BEGIN Dataset excerpts

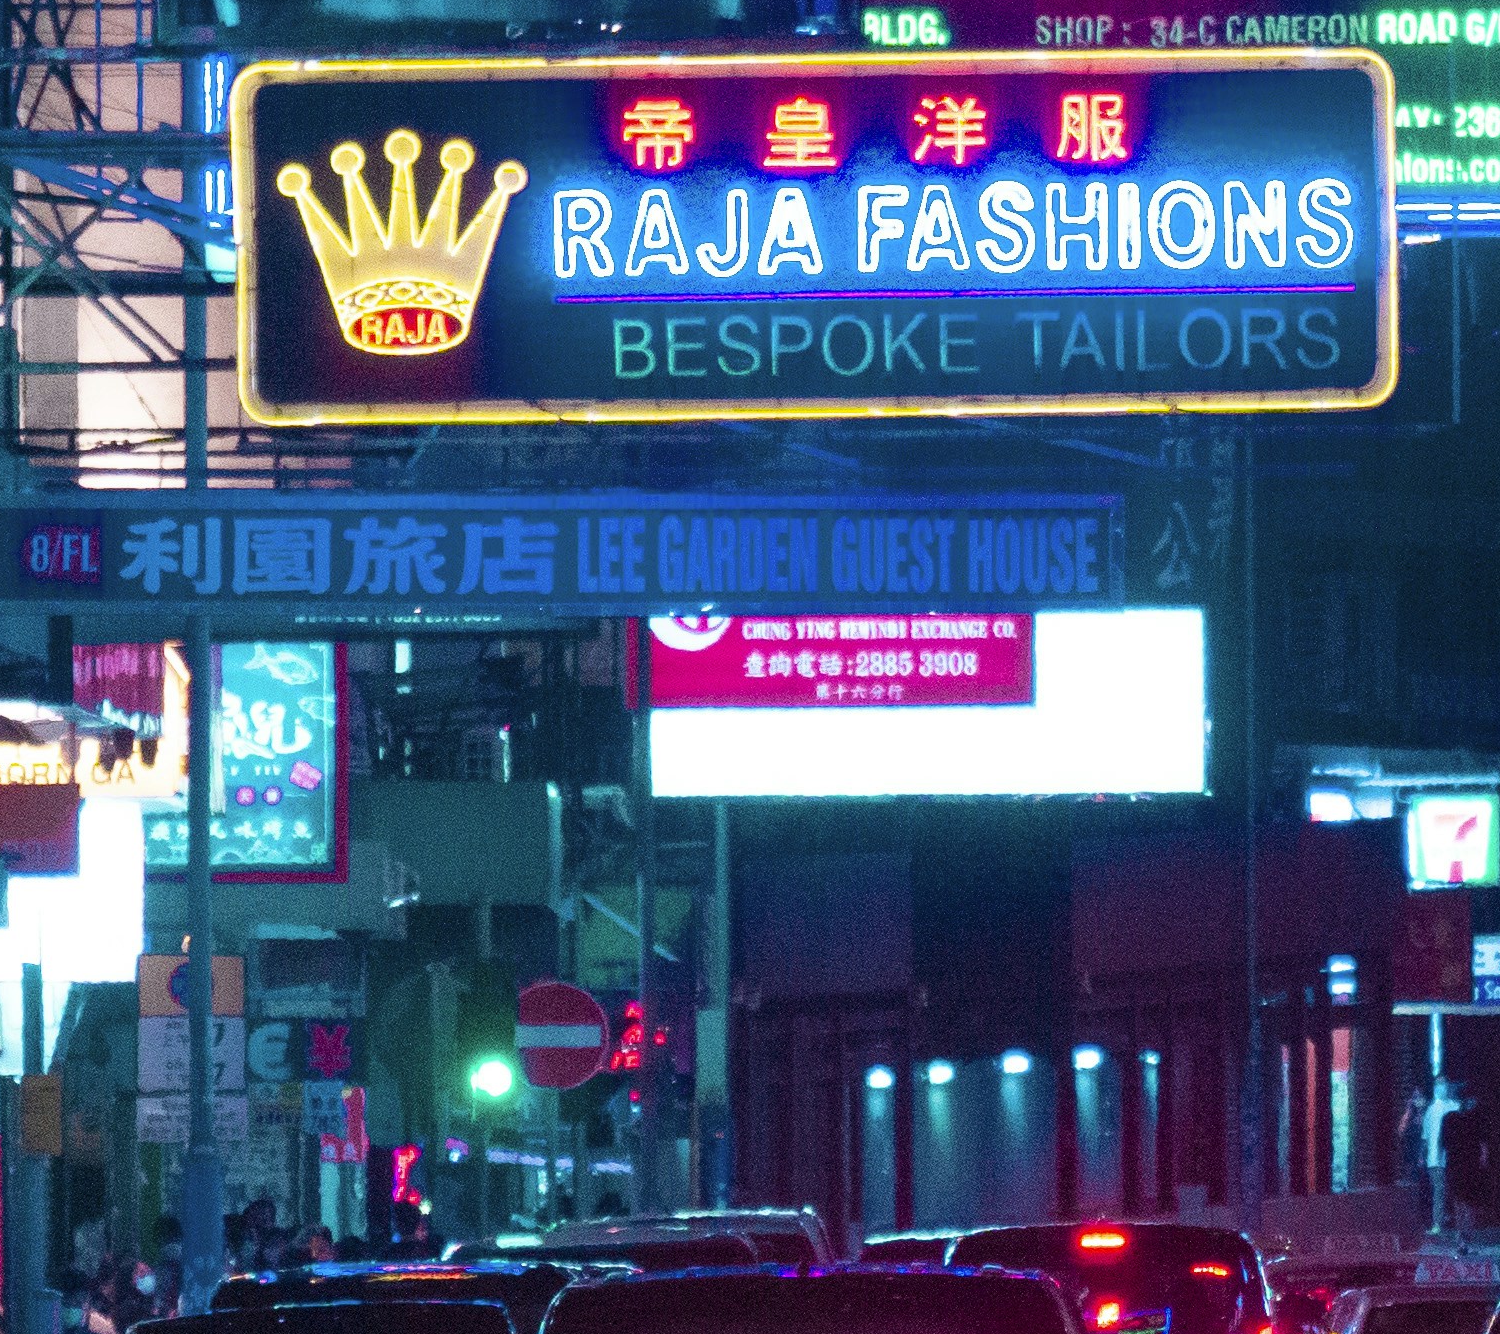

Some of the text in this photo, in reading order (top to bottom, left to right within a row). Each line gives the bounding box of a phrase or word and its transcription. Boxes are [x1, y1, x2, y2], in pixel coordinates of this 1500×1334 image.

[1225, 13, 1368, 45] CAMERON
[1376, 12, 1456, 46] ROAD
[622, 95, 1130, 167] 帝皇洋服
[553, 175, 1356, 280] RAJA FASHIONS
[360, 310, 450, 348] RAJA
[614, 307, 1342, 379] BESPOKE TAILORS
[118, 517, 560, 597] 利園旅店
[576, 520, 1098, 595] LEE GARDEN GUEST HOUSE
[741, 620, 792, 640] CHUNG
[796, 620, 836, 640] YING
[911, 621, 988, 640] EXCHANGE
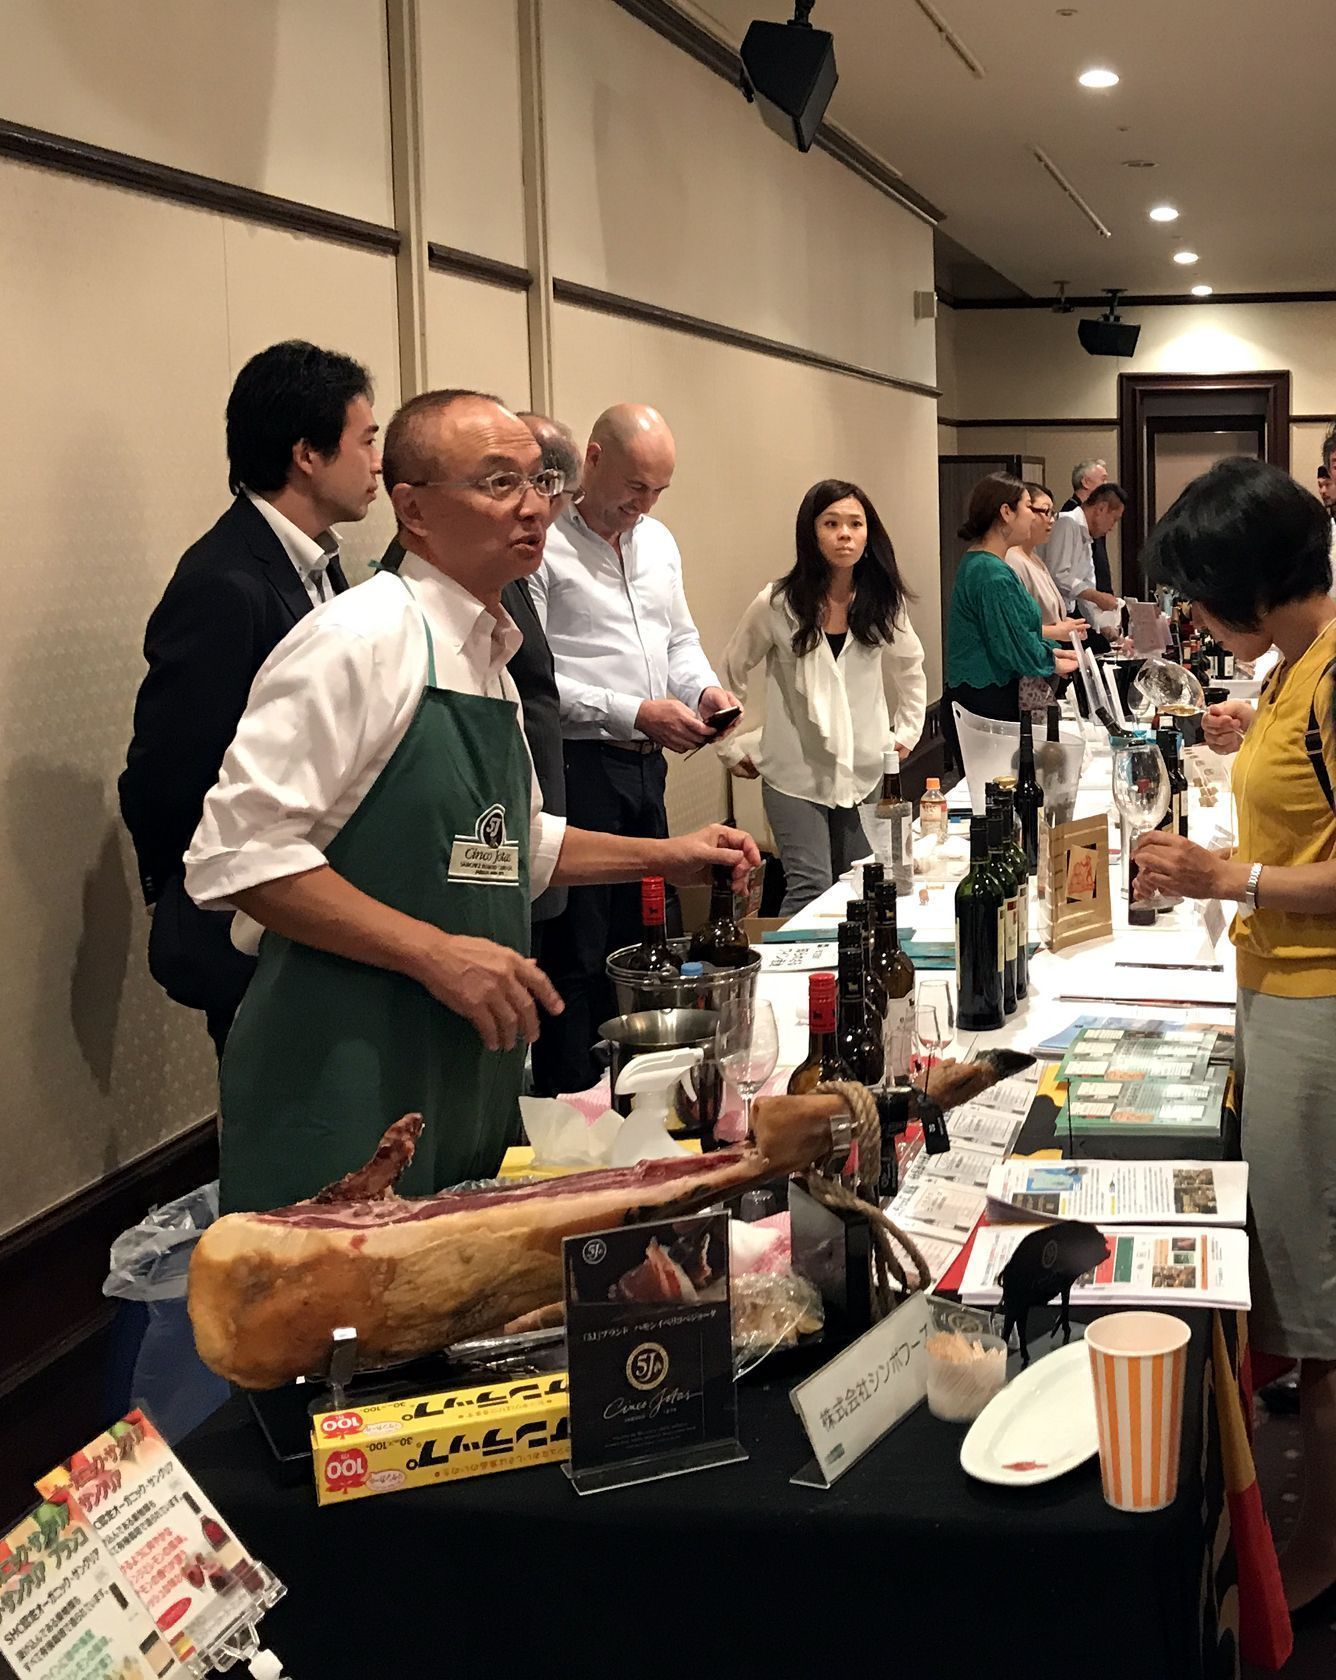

END Dataset excerpts

-- Task --
Please give the data again in full, exactly as written, but without any images.

-- Answer to the exercise --
Some of the text in this photo, in reading order (top to bottom, left to right within a row). Each line gives the bounding box of a phrase or word and its transcription. Boxes are [x1, y1, x2, y2], in pixel coordinates of this 1500×1334 image.

[1225, 13, 1368, 45] CAMERON
[1376, 12, 1456, 46] ROAD
[622, 95, 1130, 167] 帝皇洋服
[553, 175, 1356, 280] RAJA FASHIONS
[360, 310, 450, 348] RAJA
[614, 307, 1342, 379] BESPOKE TAILORS
[118, 517, 560, 597] 利園旅店
[576, 520, 1098, 595] LEE GARDEN GUEST HOUSE
[741, 620, 792, 640] CHUNG
[796, 620, 836, 640] YING
[911, 621, 988, 640] EXCHANGE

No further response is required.